Prior to leaving home to install the Little Free Library, my husband attached the library to the topper and the post and we selected a spot for the interior shelf and installed it, too. With my husband and my kids’ help, we loaded up a wagon and walked to our site with some simple tools including a rubber mallet, electric drill/driver, a level, and the included supplies (post, topper, library, adjustable shelving, screws). The screw-in feature made it relatively easy for my husband to break ground and use the rebar to screw the base into the ground, checking that it was level throughout the process. We then screwed the post into the screw-in base.
6. Stock it with books.
Being a book lady, I have a regular stream of access to more free and discounted books than I know what to do with, so upon recently cashing in on some personal host rewards, I picked out some best sellers for varying ages to be added to the Little Free Library with the neighborhood children in mind. I left some space in the library for some community members to add books that would cater more to adults, especially. I will continually add with fresh Usborne books and Kane Miller titles as the need arises.

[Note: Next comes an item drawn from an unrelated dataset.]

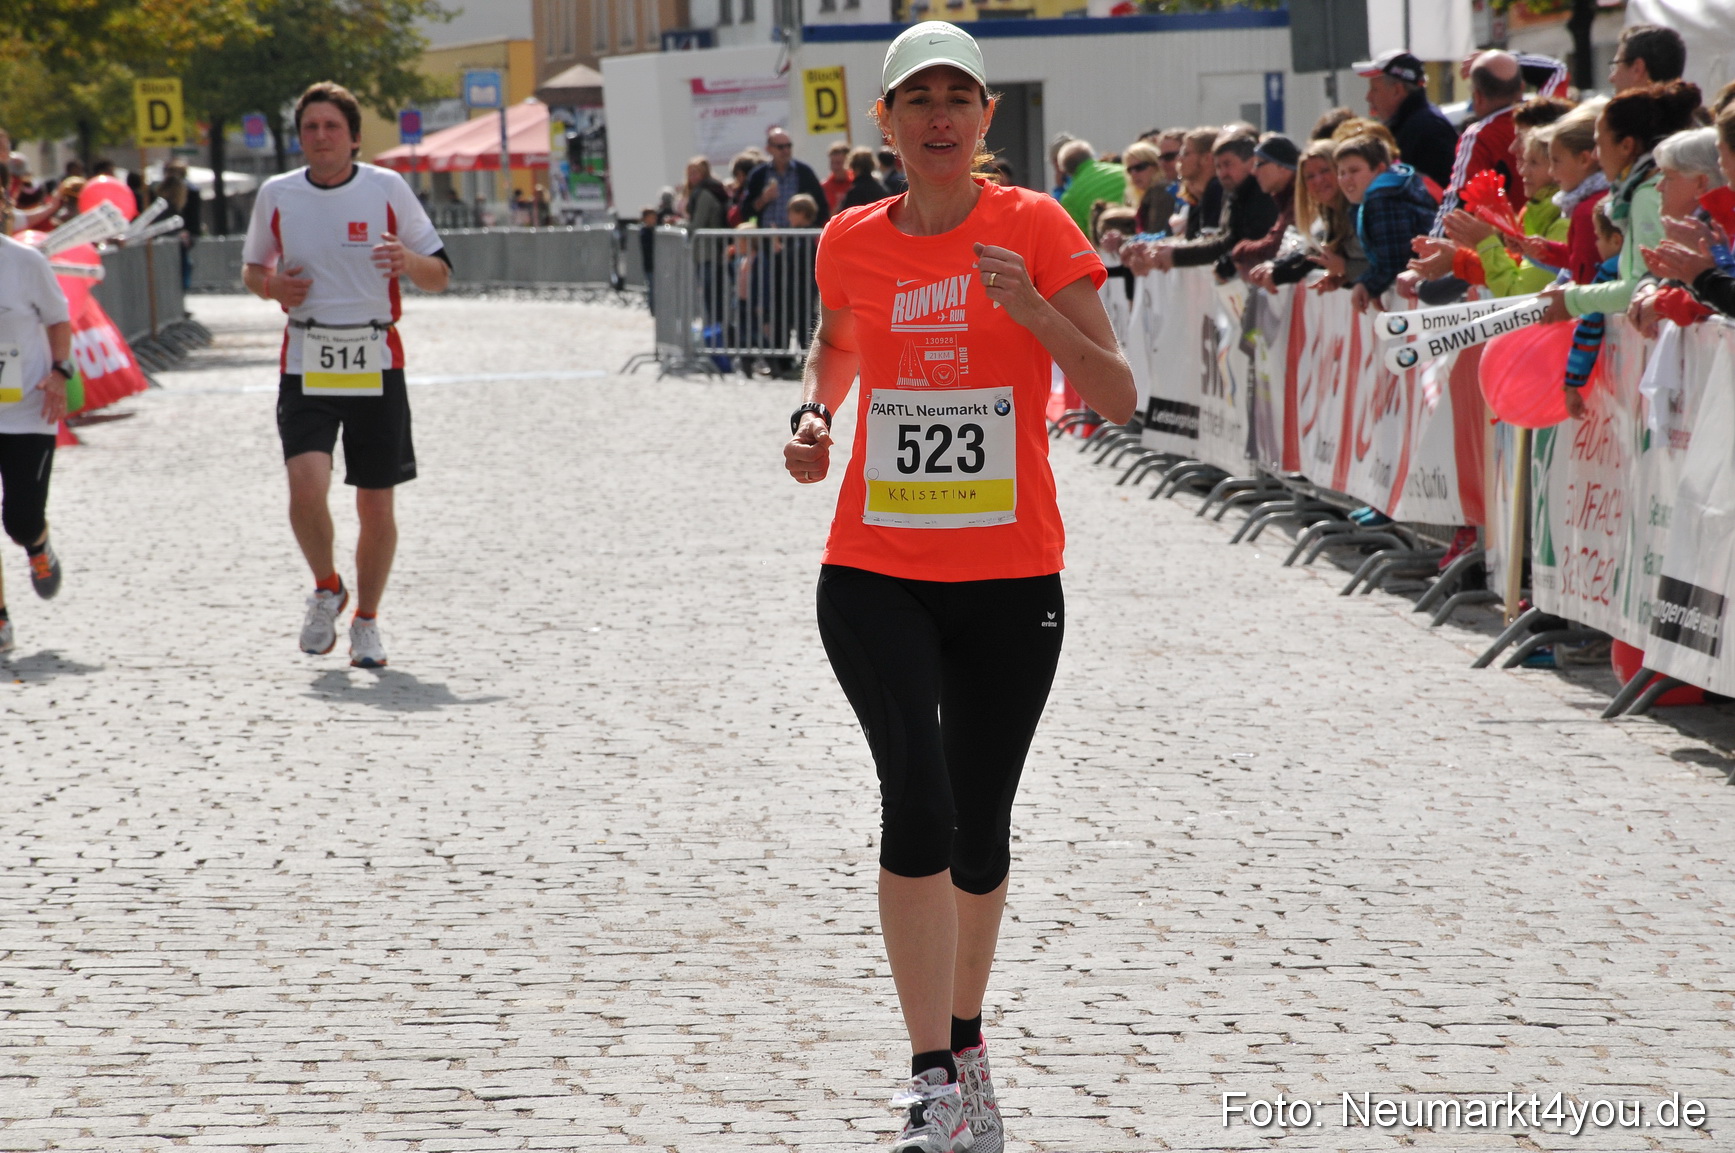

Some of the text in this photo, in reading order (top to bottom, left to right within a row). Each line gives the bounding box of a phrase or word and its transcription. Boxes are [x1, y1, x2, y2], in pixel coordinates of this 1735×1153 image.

While my primary goal is to have lots of book access for kids books, I would like to see a nice mix of both adult and kids books stocked in our community’s Little Free Library.
7. Register the Little Free Library.
Because I ordered my library directly from the official Little Free Library online shop, it came with a charter sign that was engraved with a unique charter number. If you build your own, you will need to order a sign to be a part of the official Little Free Library community and in order to get official steward benefits including Facebook support groups, email newsletter, access to discounted books to keep the library stocked, and an opportunity for your Little Free Library to be recognized on the world map. That was my next step - to visit the website https://littlefreelibrary.myshopify.com/collections/charter-signs and complete an easy online form to be added to the world map. I was able to share a few details about the story behind our Little Free Library and this information will display next to our library on the map, once it’s added! Easy peasy!
8. Advertising it!
As I mentioned before, there was an outpouring of community support for the Little Free Library. I’ve updated stakeholders along the way in my neighborhood Facebook group from my initial idea, to fundraising updates, to when the library arrived at my home, to our official groundbreaking. I plan to continue to post about the library and encourage others to share about it as well to spread the news to our community about the new book exchange. A number of people have offered to help me keep it stocked with books, too!
9. Regular upkeep.
As the Little Free Library is conveniently located just a block from our home right on my regular walking and running route, it will be super simple for me to check on it regularly to be sure that it is well-stocked, organized, and in good working order.
And that’s it! While it was a process to get our Little Free Library set up, it was a relatively simple process and I’m eager to be embarking on this literacy journey with my family to make a positive impact in our local community. If you would also like to set up and steward a Little Free Library in your community, I hope this post helps you! Reach out with any questions you may have and I’d love to help!